The US state of Virginia is set to remove a statue of Confederate General Robert E Lee in Richmond on Wednesday, a move lauded by many but seen by some as a reaction against the graffiti on the controversial monument.

The statue was erected more than 130 years ago as a tribute to a Civil War hero who is now widely seen as a symbol of racial injustice.

"Virginia's largest monument to the Confederate insurrection will come down this week. This is an important step in showing who we are and what we value as a commonwealth," Virginia Governor Ralph Northam said in a statement quoted by the Associated Press.

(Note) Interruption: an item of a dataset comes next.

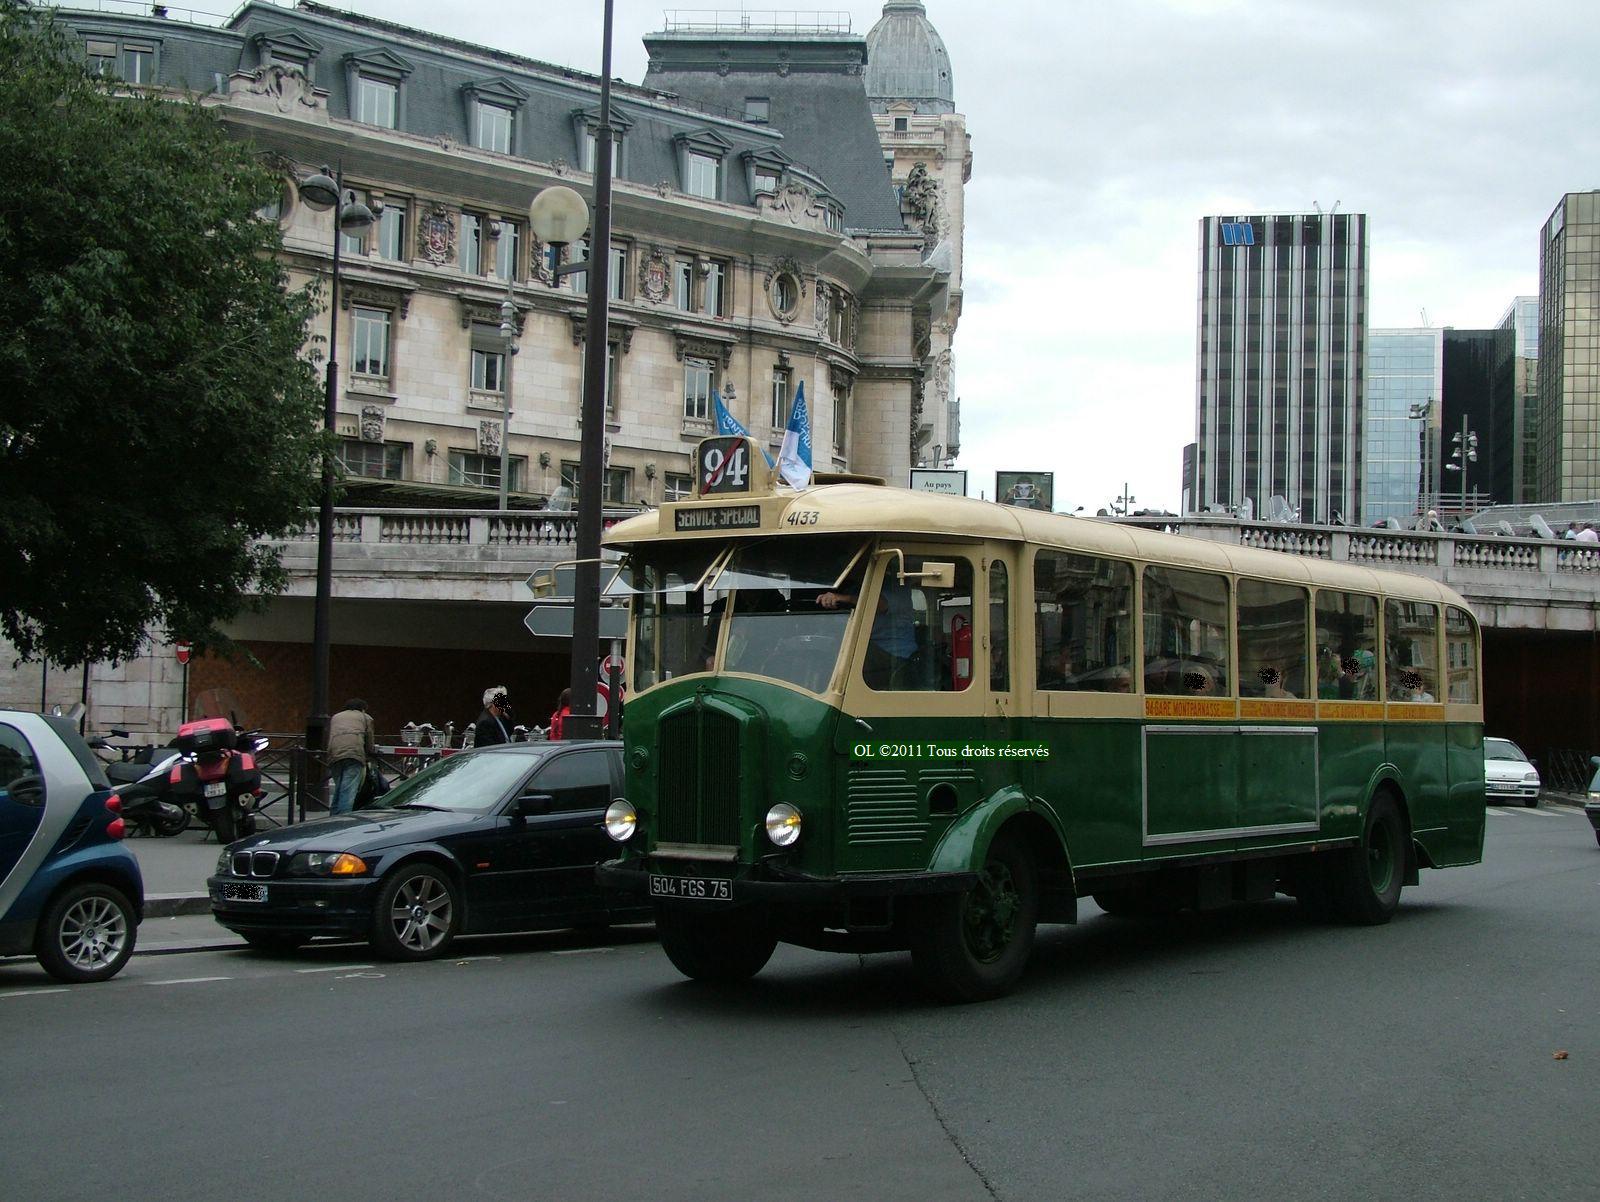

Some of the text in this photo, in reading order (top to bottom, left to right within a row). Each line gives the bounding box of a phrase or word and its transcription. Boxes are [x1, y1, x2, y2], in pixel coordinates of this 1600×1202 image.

[704, 448, 748, 487] 94
[935, 481, 952, 489] pays
[787, 511, 820, 526] 4133
[653, 877, 728, 897] 504 FGS 75

Northam announced plans to take down the 21-foot (6.4-meter) tall bronze statue in June 2020, 10 days after George Floyd died under the knee of a Minneapolis police officer, sparking nationwide protests against police brutality and racism. The removal was shelved for more than a year due to two lawsuits filed by residents who opposed the removal, but the Supreme Court of Virginia cleared the way for the statue to be taken down.

Plaques from the base of the monument will be removed on Thursday after the statue is taken down on Wednesday.

Some racial justice advocates see the graffiti-covered pedestal not as a monument of slavery but as a symbol of the protest movement that erupted after Floyd's killing.

Lawrence West, a member of the activist group BLM RVA, said that he believes the decision to remove the statue was fueled by the work of protesters.

"I mean, it had not come down before. They (Democrats in charge of state government) had all the opportunities in the world," the 38-year old activist said, according to the Associated Press.

In Richmond, a city that was the capital of the Confederacy for much of the Civil War, the Lee statue became the epicenter of last summer's protest movement. The city has removed more than a dozen other pieces of Confederate statuary on city land since Floyd's death.

The Lee statue was created by the internationally renowned French sculptor Marius-Jean-Antonin Mercie and is considered a "masterpiece," according to its nomination to the National Register of Historic Places, where it has been listed since 2007.

When the statue arrived in 1890 from France, an estimated 10,000 Virginians used wagons to haul its pieces more than a mile to where it now stands. White residents celebrated the statue, but many Black residents have long seen it as a monument glorifying slavery.